Manners has retained counsel and is suing the hospital.

Frank Allen, who hosts a radio show on Republic Broadcasting Network, Targeted Massachusetts, and also serves on the board of the social action concern, Targeted Justice, recalls his visits with a therapist at STARS in Fall River, MA. “It was all going quite nicely,” he recalls, “until I pulled out my tablet and showed her the site for Targeted Massachusetts.” Allen states that the therapist then responded, “We have inpatient care available.”


A San Francisco company, Sift Science, seems to be leading the way towards enhanced determinations of “reliability,” “risk” and “trust”. The company boasts clients ranging from Couch Surfing to Rently to Destinia to Etix to Remitly and many, many others. Sift proclaims itself the “leader in digital trust and safety,” and states that “…we help more than 34,000 sites and apps navigate the fine balance between growing revenue and protecting their business.”

Sift Science was founded in 2011 by former Google employees. Google has recently hit the news, repeatedly, as its algorithms have been found to censor both alternative media websites as well as natural medicine news.

But what these mechanisms are and how they work remain shrouded in secrecy. Sift Science has certainly secured its own offices—no one answers the phone at the head office. Their designated media contact does not answer the phone nor return messages.

A number of other companies were contacted with questions about the “security code” —Amazon, eBay, Z and Z Medical and Airbnb. The Big Three in credit ratings—Equifax, Experian and Transunion—were also contacted in an effort to determine if they knew anything at all about these “security codes.” At the time of going to press, no one has responded to the inquiries.

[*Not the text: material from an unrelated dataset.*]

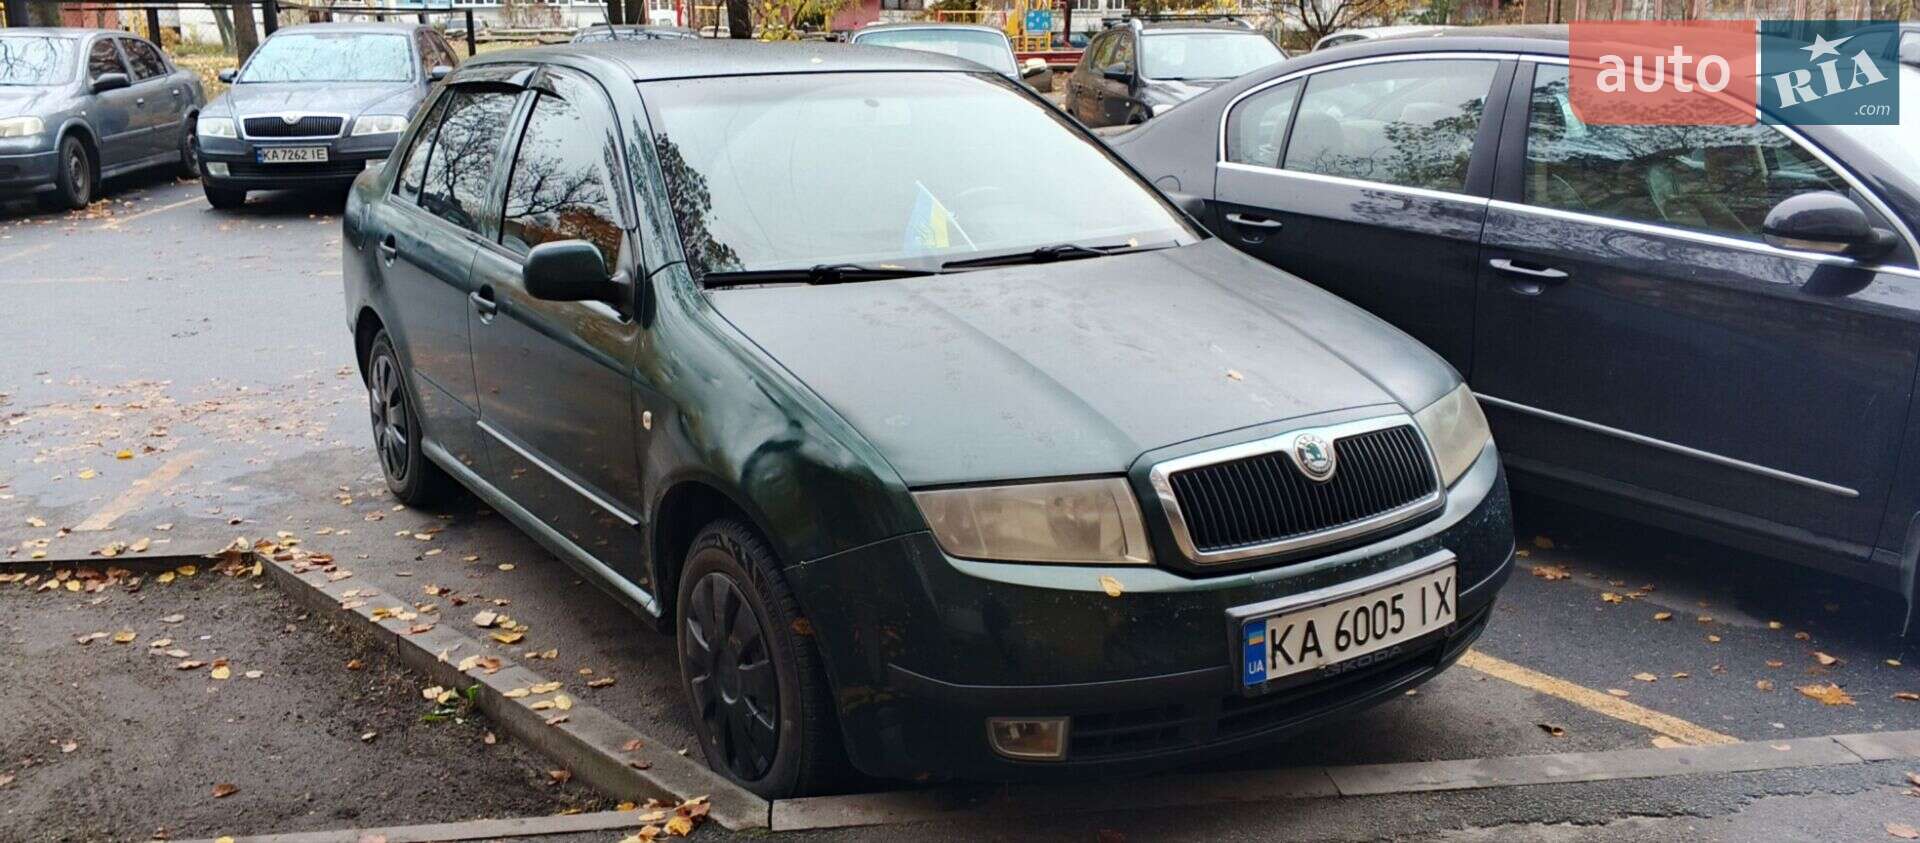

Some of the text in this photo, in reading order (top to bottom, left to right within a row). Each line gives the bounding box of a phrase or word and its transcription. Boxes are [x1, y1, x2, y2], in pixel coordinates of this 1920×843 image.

All of this smacks of a rating system which resonates with the “social credit” system set up in China. Low social credit scores in China result in inability to travel, to obtain professional employment and refusal of educational opportunities for children. The system encourages a relentless conformity and punishes individuation.

And it appears that a similar system is being quietly rolled out in the US.

The previously cited article in Fast Company considers these rating systems to be a sign of growing privatization of the legal system. The article states “If current trends hold, it’s possible that in the future a majority of misdemeanors and even some felonies will be punished not by Washington, D.C., but by Silicon Valley. It’s a slippery slope away from democracy and toward corporatocracy.”

However, the fact that Western Union relayed that the USA PATRIOT Act was one of the legal foundations prompting service denial to Karen Stewart illuminates the hand of government in this rating system. An undeniable relationship exists between government and private companies and seems to point to a public-private partnership which may be “sifting” out American citizens, into privileged classes or into a class of the divested and disenfranchised.

And without any prior notice or possibility of appeal, apparently….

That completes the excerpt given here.